With the pandemic of the past year, we have all experienced changes and obstacles in everyday life as well as trying to stay healthy among stress that none of us has ever been through before.
For the mesothelioma patient, there are no more important people before the pandemic and during the pandemic than their wives, husbands, partners, family members, significant others, friends, whoever is their primary support person. The people in their lives that step up when they are needed. These caregivers immerse themselves in a very specialized new world. The world that is filled with expert doctors, scientists, nurses, pharmacists and medical professionals often speaking a language that is confusing with words that are hard to pronounce and understand. Often this is done with a cost to the caregivers’ own health and wellness.
Recently when talking to the wife of a patient undergoing treatment for malignant pleural mesothelioma, the patient had complications and things had not gone as planned. As we talked, she relayed the story of her husband’s journey with malignant mesothelioma, she knew all his numbers, and his plan for treatment. When asked how she was doing, there was silence.
She had not really stopped to consider how she was doing.

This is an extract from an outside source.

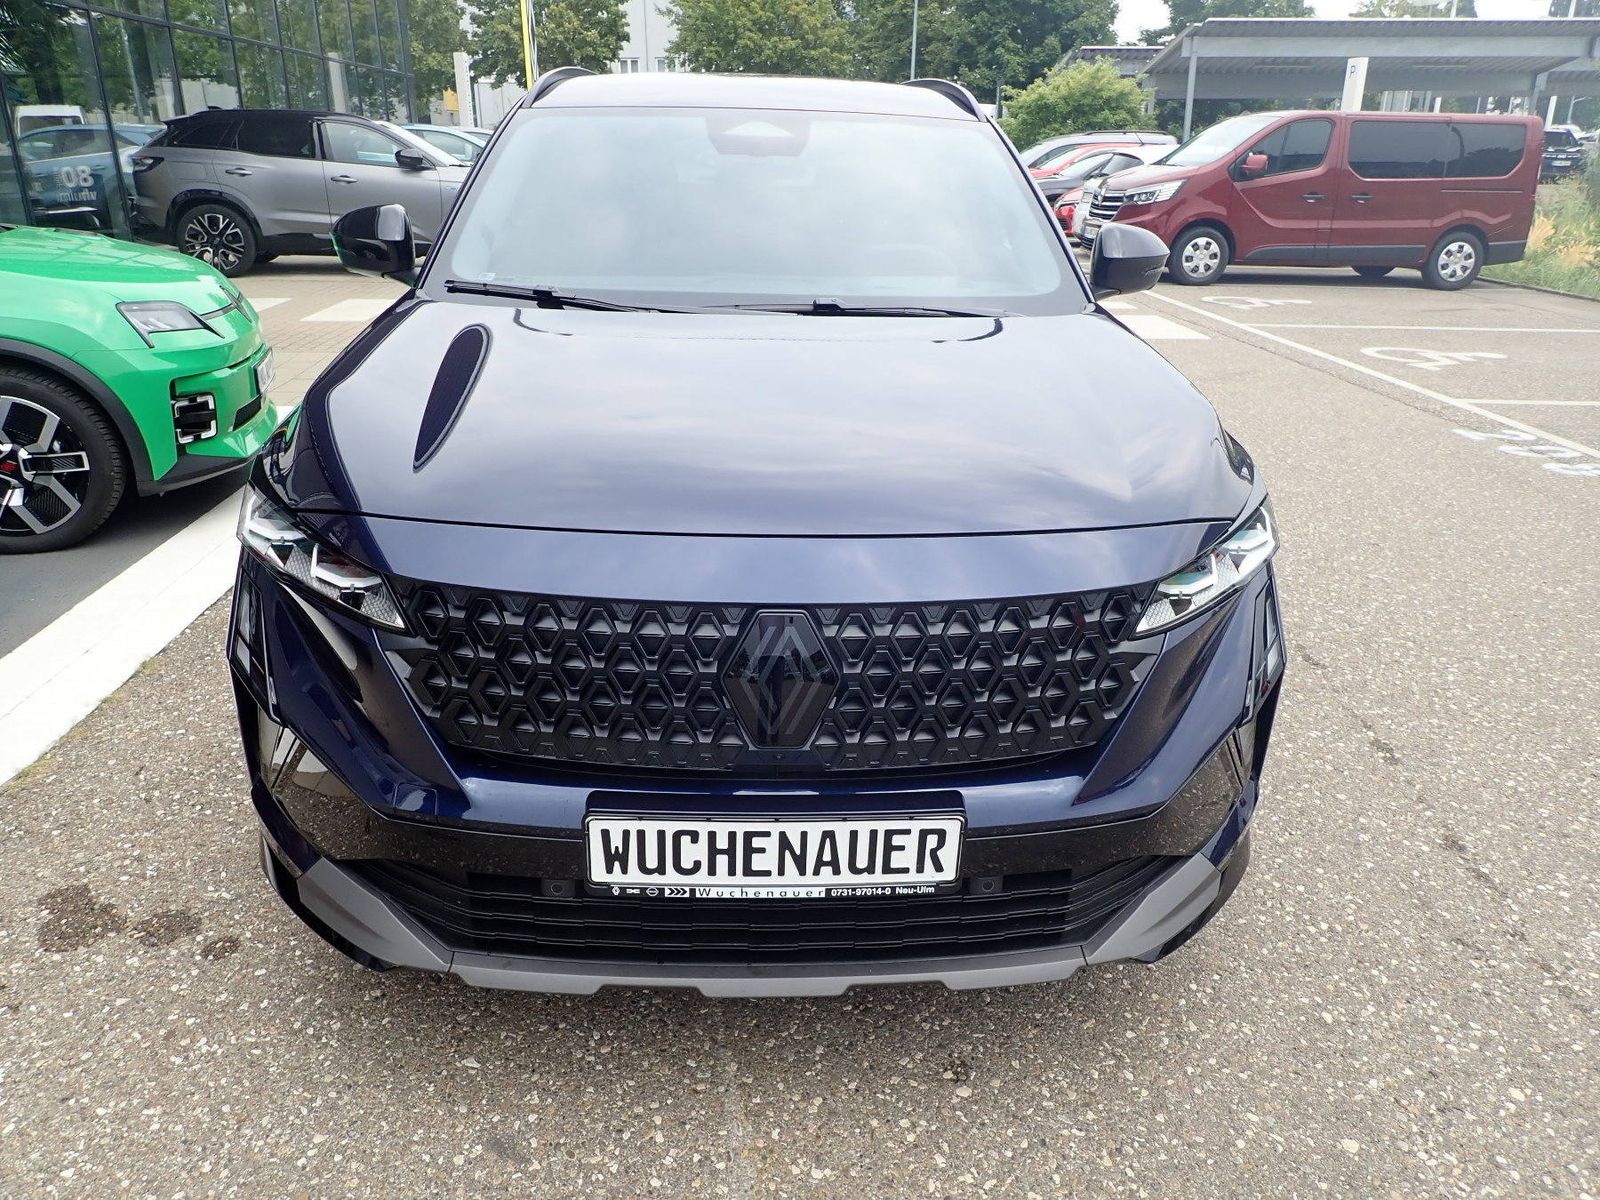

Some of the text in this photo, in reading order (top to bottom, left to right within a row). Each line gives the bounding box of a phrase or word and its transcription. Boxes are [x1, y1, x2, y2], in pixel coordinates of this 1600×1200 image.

[600, 828, 947, 877] WUCHENAUER
[698, 885, 935, 898] Wuchenauer 0731-97014-0 Neu-Ulm

Sometimes just asking someone how they are when they are deeply involved in a situation can stop them. When someone is helping someone fight for their life, it is easy to see how the caregiver puts themselves after the patient.
The pandemic and the resulting social isolation have made many people appreciate the human connection. The importance of listening and acknowledging how things are affecting another person is vital for the well being of all our emotional health.
Caregiver stress is real. It can take a toll on the support persons’ mental and physical health.
Acknowledging someone’s feelings recognizing their stress will not make it disappear but may help lessen the load.
As we hopefully slowly return to our new normal, one lesson from the Pandemic may be slowing down and listening to others. We never know what someone is going through unless we ask and really listen.